In the new rules, the staff of the SEC noted that the concept of an item or a benefit that is "integrally and directly related" to job performance is narrow. The analysis draws a distinction between an item that a company provides because the executive needs it to do the job, and an item provided for some other reason, even where the other reason can involve both a company and personal benefit. Specifically, the staff noted that, "the fact that the company has determined that an expense is an ‘ordinary’ or ‘necessary’ business expense for tax or other purposes or that an expense is for the benefit or convenience of the company is not responsive to the inquiry as to whether the expense provides a perquisite or other personal benefit for disclosure purposes." In addition, the staff noted that business purpose or convenience does not affect the characterization of an item as a perquisite or personal benefit where it is not integrally and directly related to the performance by the executive of his or her job. The staff provided the following example: A company policy that for security purposes an executive (or an executive and his or her family) must use company aircraft or other company means of travel for personal travel, or must use company or company-provided property for vacations, does not affect the conclusion that the item provided is a perquisite or personal benefit.

Q. How does a company determine if a benefit is "generally available on a non-discriminatory basis to all employees?"

In the new rules, the staff noted that a company may reasonably conclude that an item is generally available on a non-discriminatory basis if it is available to those employees to whom it lawfully may be provided. Merely providing a benefit consistent with its availability to employees in the same job category or at the same pay scale does not establish that it is generally available on a non-discriminatory basis to all employees.

Q. Has the SEC provided any examples of what would be considered a perquisite?

Yes. The SEC provided the following examples of perquisites in the final rule: Club memberships not used exclusively for business entertainment purposes; personal financial or tax advice; personal travel using vehicles owned or leased by the company; personal travel otherwise financed by the company; personal use of other property owned or leased by the company; housing and other living expenses (including but not limited to relocation assistance); security provided at a personal residence or during personal travel; commuting expenses; discounts on the company’s products or services not generally available to employees on a non-discriminatory basis; and relocation plans.1

Q. Does a company have to disclose all perquisites?

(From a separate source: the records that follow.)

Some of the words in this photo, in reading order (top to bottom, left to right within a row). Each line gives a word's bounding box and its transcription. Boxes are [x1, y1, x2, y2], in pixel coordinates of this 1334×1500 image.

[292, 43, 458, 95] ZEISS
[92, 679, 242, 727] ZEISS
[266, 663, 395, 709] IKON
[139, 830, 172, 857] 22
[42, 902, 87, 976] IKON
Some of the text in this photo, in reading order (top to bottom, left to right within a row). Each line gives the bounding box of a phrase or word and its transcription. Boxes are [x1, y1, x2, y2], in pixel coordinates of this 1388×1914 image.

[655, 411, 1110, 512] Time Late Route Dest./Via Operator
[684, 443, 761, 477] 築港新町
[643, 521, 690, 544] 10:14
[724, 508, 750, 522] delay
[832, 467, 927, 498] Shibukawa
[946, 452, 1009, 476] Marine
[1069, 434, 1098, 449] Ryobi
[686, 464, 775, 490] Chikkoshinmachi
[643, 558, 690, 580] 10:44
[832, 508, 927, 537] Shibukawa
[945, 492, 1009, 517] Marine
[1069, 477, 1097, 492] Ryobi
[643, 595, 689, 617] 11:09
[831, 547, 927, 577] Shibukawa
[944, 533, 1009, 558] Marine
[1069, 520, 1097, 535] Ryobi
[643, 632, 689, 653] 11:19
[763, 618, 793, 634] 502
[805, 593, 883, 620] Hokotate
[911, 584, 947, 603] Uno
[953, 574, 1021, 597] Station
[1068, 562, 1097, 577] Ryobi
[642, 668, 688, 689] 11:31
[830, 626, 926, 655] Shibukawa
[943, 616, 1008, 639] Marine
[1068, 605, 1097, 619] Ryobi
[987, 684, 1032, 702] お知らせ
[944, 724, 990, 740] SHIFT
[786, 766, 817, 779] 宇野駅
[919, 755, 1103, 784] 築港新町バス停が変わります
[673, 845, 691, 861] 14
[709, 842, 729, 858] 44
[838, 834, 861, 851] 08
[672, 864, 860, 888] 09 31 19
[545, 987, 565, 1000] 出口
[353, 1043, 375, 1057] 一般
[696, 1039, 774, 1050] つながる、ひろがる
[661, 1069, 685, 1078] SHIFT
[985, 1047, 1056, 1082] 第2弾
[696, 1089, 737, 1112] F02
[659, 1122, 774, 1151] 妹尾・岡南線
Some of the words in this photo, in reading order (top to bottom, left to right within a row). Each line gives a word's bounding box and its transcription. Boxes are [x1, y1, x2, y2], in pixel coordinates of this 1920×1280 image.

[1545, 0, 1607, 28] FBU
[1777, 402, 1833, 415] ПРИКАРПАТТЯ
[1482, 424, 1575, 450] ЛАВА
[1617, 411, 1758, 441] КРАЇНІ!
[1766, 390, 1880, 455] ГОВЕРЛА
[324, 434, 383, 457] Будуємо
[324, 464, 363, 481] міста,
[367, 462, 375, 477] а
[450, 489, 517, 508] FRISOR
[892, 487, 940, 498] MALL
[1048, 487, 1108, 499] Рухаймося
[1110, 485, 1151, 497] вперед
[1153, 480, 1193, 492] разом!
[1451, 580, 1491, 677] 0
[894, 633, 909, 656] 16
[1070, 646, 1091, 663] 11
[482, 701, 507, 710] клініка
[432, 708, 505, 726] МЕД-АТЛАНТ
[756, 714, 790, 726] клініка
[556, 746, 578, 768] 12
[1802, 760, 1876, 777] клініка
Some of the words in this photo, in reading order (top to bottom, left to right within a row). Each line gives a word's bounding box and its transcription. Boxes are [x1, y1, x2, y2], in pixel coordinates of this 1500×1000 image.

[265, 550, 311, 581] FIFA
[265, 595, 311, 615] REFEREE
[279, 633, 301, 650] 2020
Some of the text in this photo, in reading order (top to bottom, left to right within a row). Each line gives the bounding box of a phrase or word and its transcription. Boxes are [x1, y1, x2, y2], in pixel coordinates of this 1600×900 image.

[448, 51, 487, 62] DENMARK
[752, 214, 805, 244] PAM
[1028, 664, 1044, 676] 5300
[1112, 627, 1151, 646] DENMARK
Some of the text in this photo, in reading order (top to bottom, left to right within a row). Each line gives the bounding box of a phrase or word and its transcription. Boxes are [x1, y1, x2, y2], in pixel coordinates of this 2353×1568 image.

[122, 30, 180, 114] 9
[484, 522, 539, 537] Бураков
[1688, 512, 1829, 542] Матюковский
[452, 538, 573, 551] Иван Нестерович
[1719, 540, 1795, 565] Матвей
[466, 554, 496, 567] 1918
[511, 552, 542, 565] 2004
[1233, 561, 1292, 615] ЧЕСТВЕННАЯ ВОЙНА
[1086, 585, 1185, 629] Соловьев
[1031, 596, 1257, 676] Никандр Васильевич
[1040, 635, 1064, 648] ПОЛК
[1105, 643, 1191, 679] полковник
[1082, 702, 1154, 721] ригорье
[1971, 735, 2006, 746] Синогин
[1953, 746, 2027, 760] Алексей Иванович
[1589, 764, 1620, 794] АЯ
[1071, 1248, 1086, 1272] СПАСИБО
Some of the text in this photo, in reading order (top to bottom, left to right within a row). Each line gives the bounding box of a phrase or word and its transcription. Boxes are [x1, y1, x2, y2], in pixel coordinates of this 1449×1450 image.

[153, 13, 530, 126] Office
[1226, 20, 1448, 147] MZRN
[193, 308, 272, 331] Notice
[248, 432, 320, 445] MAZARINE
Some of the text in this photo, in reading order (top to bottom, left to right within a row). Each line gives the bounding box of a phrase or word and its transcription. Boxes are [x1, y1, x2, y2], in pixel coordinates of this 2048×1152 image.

If the value of all perquisites and personal benefits exceeds $10,000 or more for any NEO, then each perquisite or personal benefit must be identified by type. If perquisites exceed the greater of $25,000, or 10% of the total amount of perquisites and personal benefits for any NEO, then each such perquisite must be quantified and separately identified in a footnote.

Q. How are perquisites valued?

Under the new rules, perquisites are valued based on the aggregate incremental cost to the company. A company must disclose in a footnote the methodology for computing this aggregate incremental cost.

Tabular Disclosure

Q. Which compensation tables are required by the new rules?

The new rules require the following executive compensation tables: (1) Summary Compensation; (2) Grants of Plan-Based Awards; (3) Outstanding Equity Awards at Fiscal Year-End; (4) Option Exercises and Stock Vested; (5) Pension Benefits; (6) Nonqualified Deferred Compensation; and (7) Director Compensation.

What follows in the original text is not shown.